This can at least happen in arch_timer_stop() [arm_arch_timer.c], where
the disable_percpu_irq() API will disable the interrupt (via irq_mask()
callback which will in turn disable the interrupt at GIC level by
programming the ICENABLER0).

What I'm worried is something like:

1. Disable the timer interrupt (at RDist level by poking the ICENABLER0,
    or at CPU level by masking PSTATE.I)

   [ timer interrupt is made pending, and remains pending in (v)GIC. ]

2. Disable the timer
3. Enable the timer interrupt (at RDist level by poking the ISENABLER0,
    or at CPU level by unmasking PSTATE.I)

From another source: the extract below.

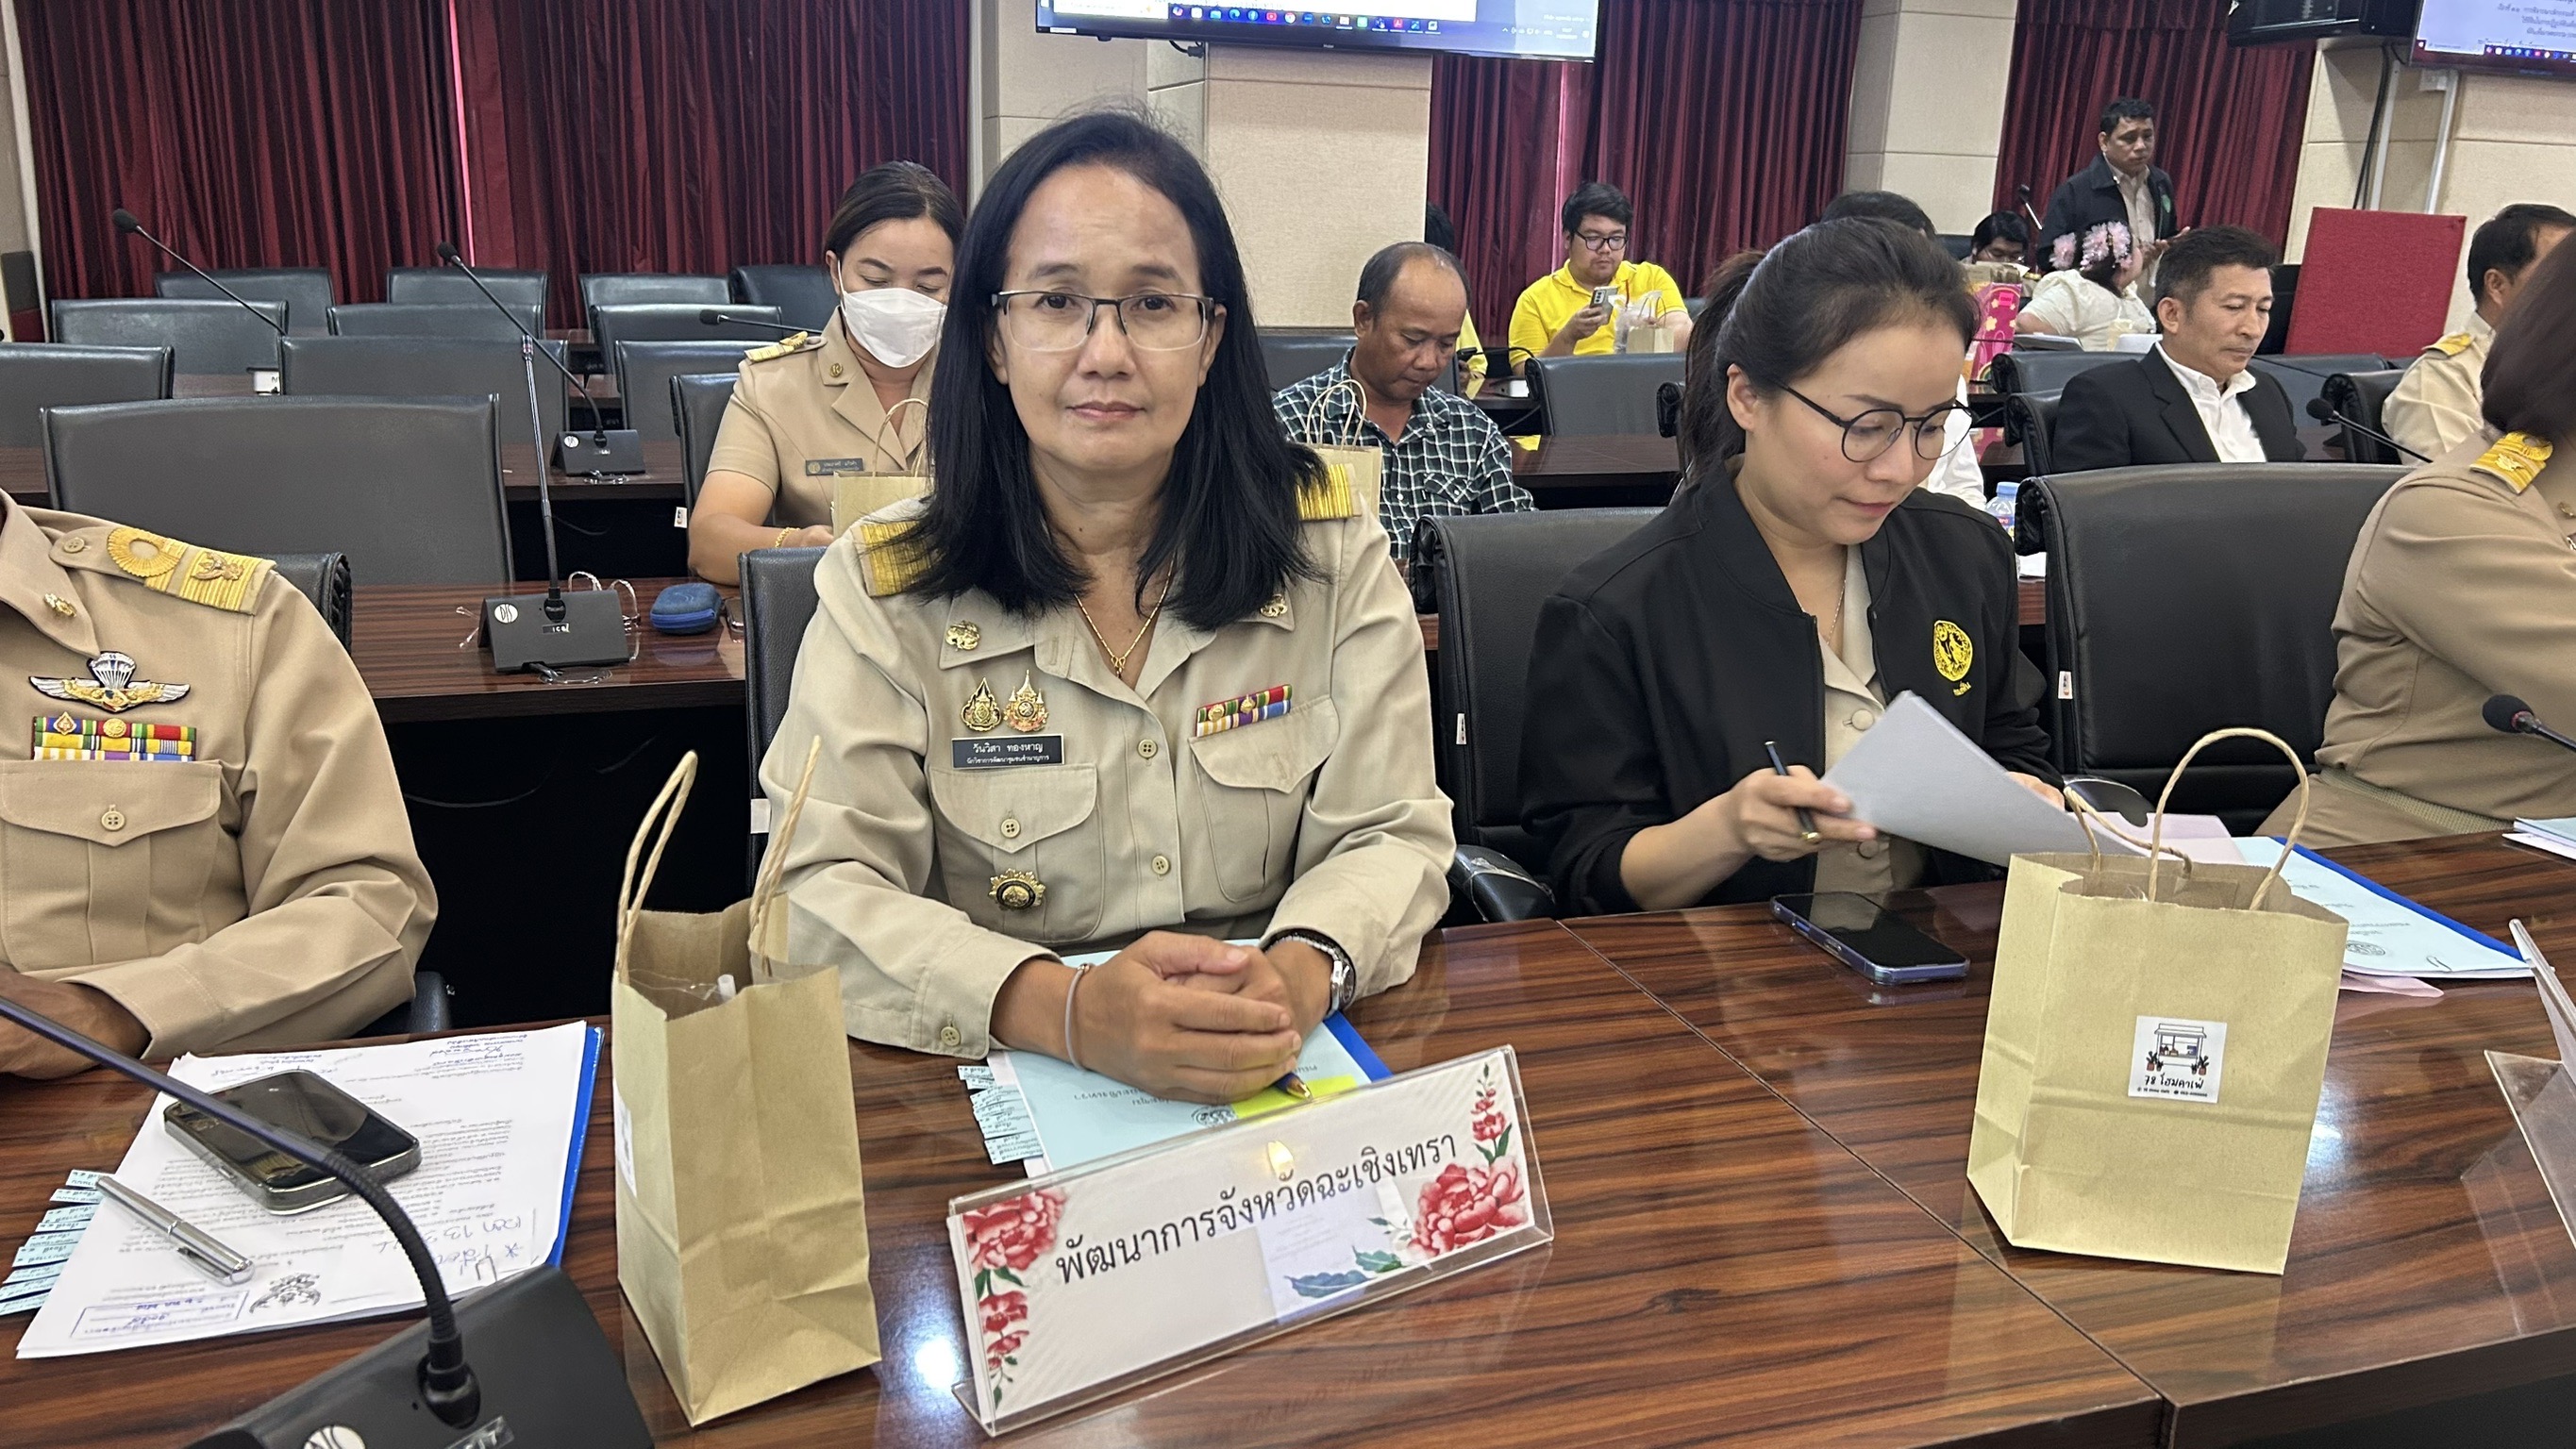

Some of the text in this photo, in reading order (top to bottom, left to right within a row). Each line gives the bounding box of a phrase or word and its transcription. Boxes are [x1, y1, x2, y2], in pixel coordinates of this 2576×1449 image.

[973, 741, 1044, 753] วันวิสา ทองหาญ
[2145, 1073, 2204, 1090] 78 โฮมคาเฟ่
[1056, 1131, 1456, 1285] พัฒนาการจังหวัดฉะเชิงเทรา

   [ The interrupt is forwarded to (v)CPU, and we end-up re-enabling the
     timer inside the timer IRQ handler, which may not be as expected. ]

I'm just not sure if this will be a possible scenario in the Linux, and
is it harmful if this would happen.

> - The timer IRQ handler checks the ISTATUS flag in the timer control register
> before handling the interrupt. The flag is unset if the timer is disabled.

This actually doesn't match the spec. Arm ARM D13.8.25 has a description
about the ISTATUS field as below,

"When the value of the ENABLE bit is 0, the ISTATUS field is UNKNOWN."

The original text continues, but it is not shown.